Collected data
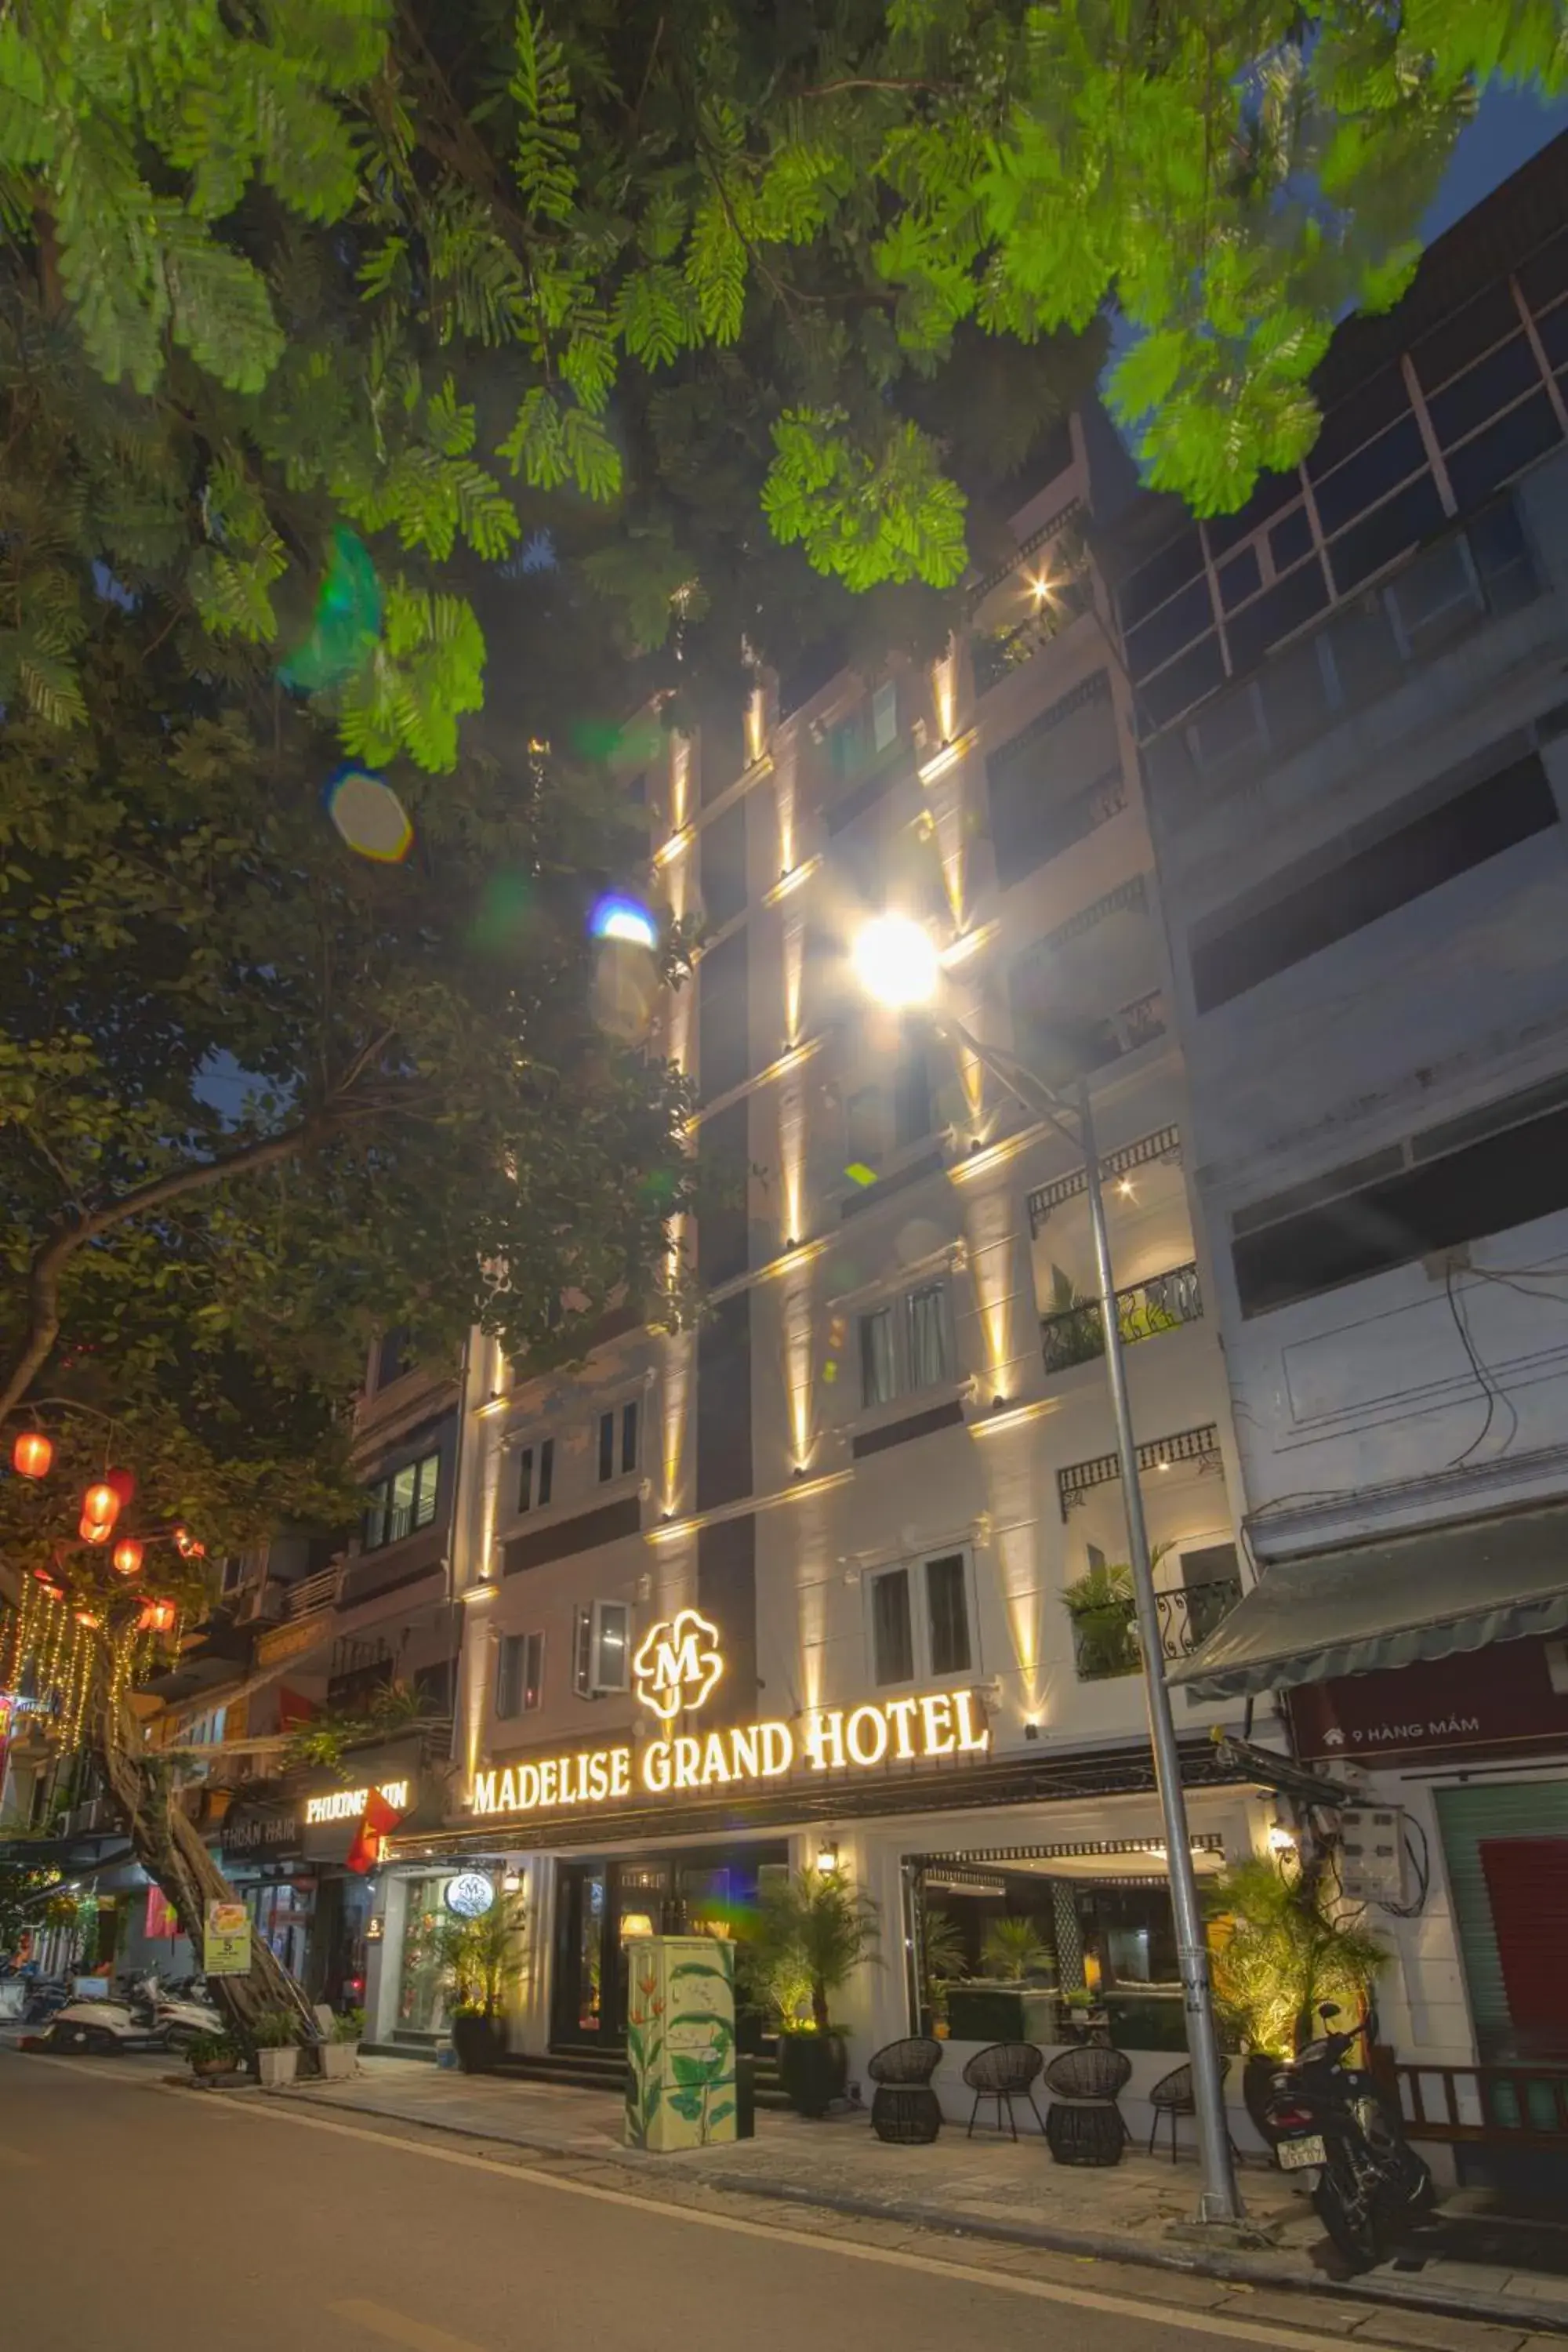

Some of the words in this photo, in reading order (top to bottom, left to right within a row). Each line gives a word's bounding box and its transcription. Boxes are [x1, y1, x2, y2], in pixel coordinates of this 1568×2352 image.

[652, 1633, 704, 1690] M
[1352, 1730, 1363, 1743] 9
[1367, 1722, 1424, 1742] HÀNG
[1428, 1712, 1479, 1735] MẮM
[472, 1748, 630, 1815] MADELISE
[643, 1722, 793, 1791] GRAND
[808, 1690, 989, 1769] HOTEL
[265, 1817, 296, 1842] HAIR
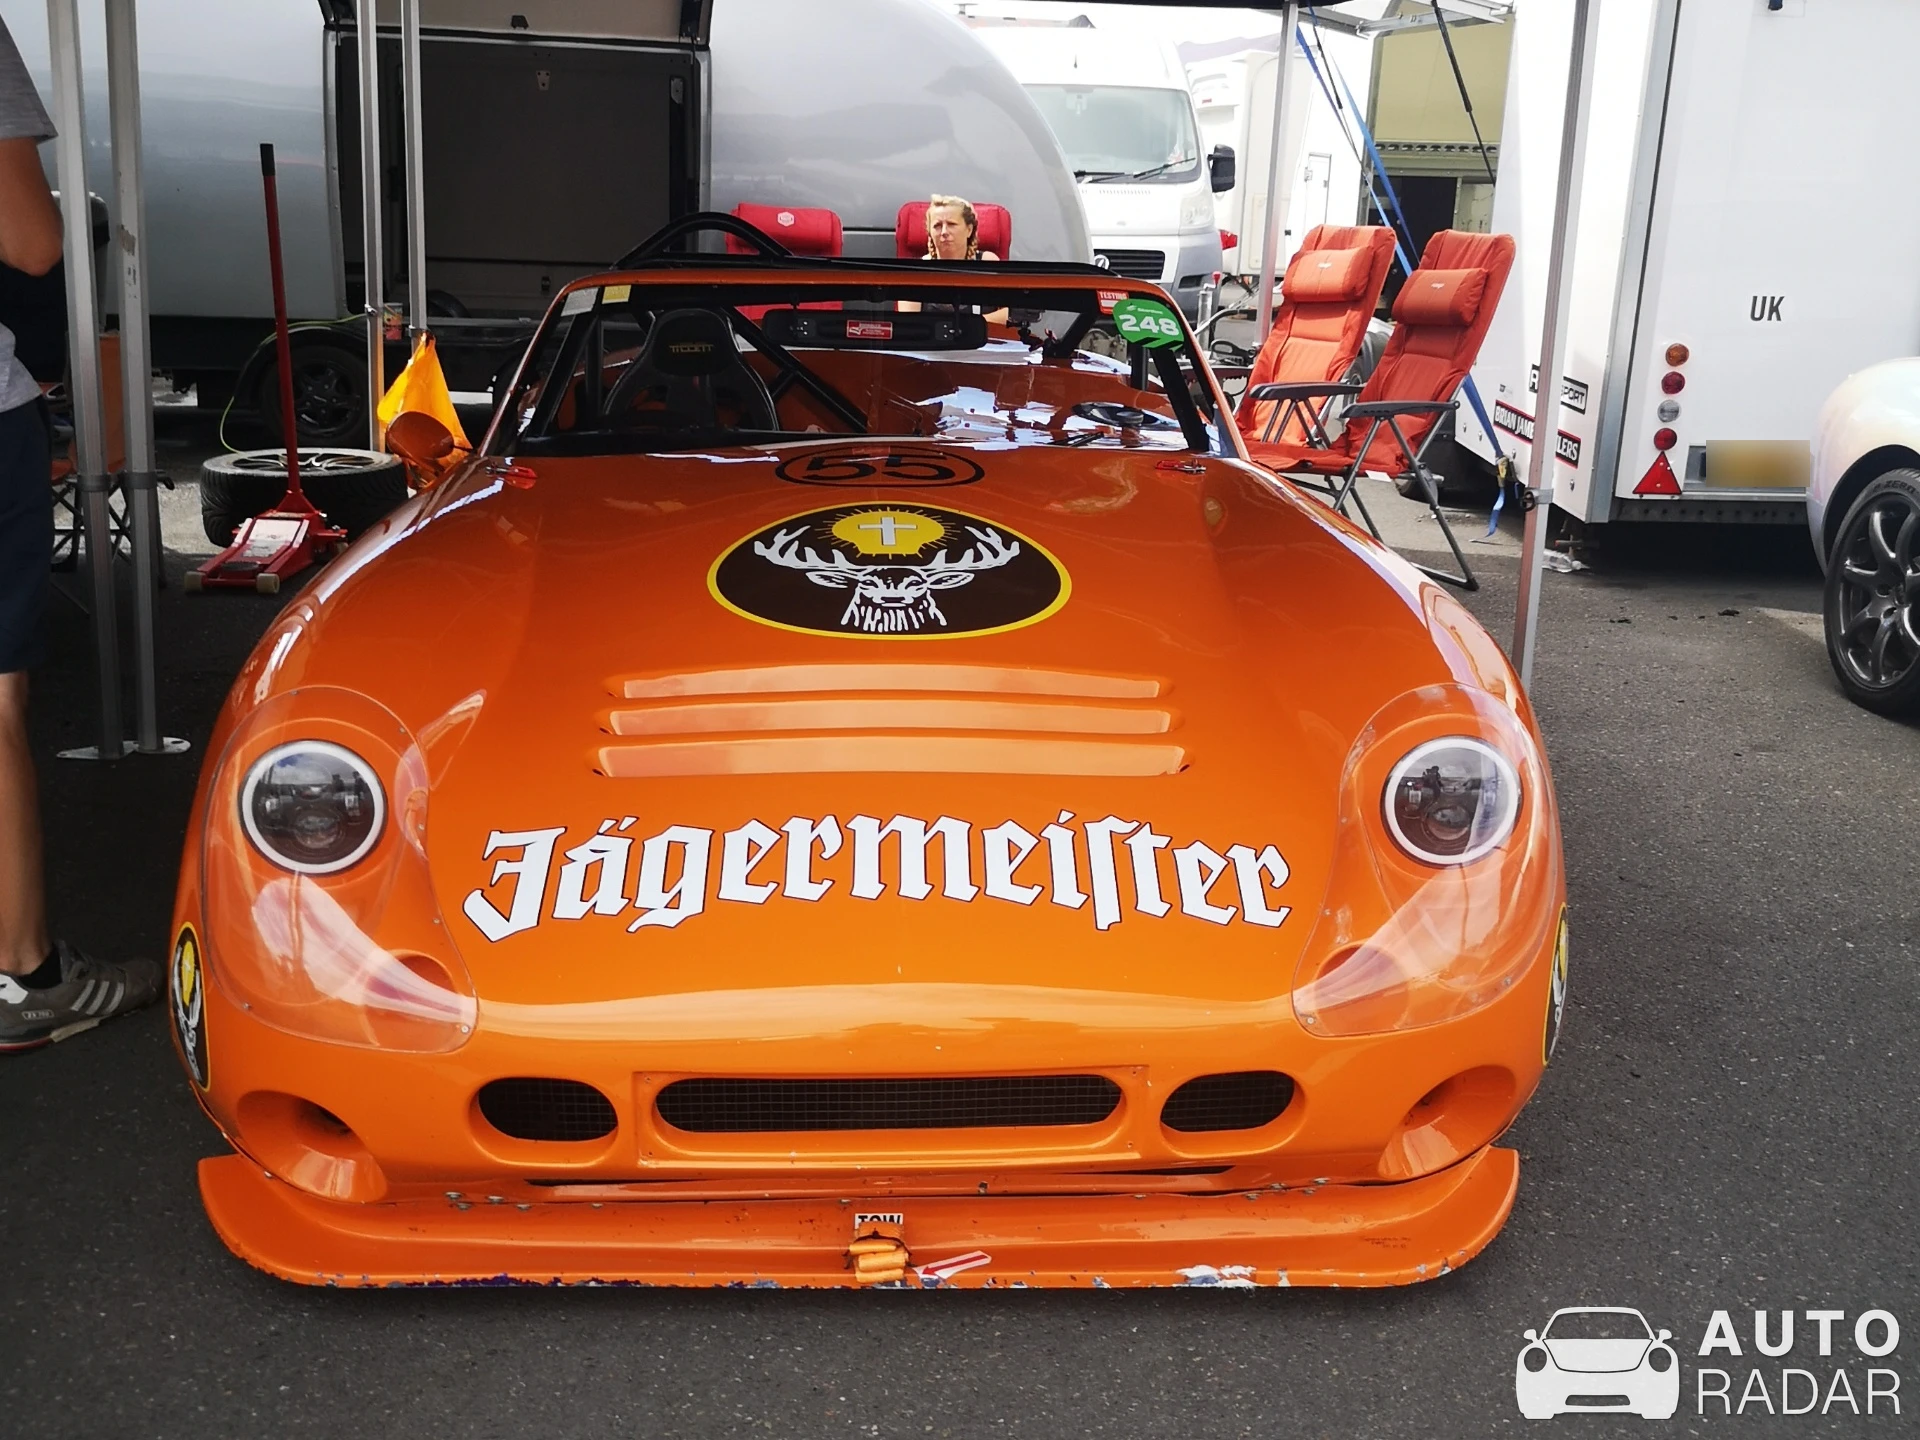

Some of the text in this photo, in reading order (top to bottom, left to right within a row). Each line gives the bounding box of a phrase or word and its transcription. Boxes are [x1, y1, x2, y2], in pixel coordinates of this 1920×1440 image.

[1750, 295, 1785, 322] UK
[1118, 313, 1180, 336] 248
[1495, 406, 1535, 440] BRIAN JAME
[802, 453, 956, 481] 55

**Work task**
Return, word for word, every line from the line with "Some of the text" to the final line of the data.

**Answer below**
Some of the text in this photo, in reading order (top to bottom, left to right within a row). Each line gives the bounding box of a phrase or word and its transcription. Boxes are [x1, y1, x2, y2], in pixel coordinates of this 1920×1440 image.

[1750, 295, 1785, 322] UK
[1118, 313, 1180, 336] 248
[1495, 406, 1535, 440] BRIAN JAME
[802, 453, 956, 481] 55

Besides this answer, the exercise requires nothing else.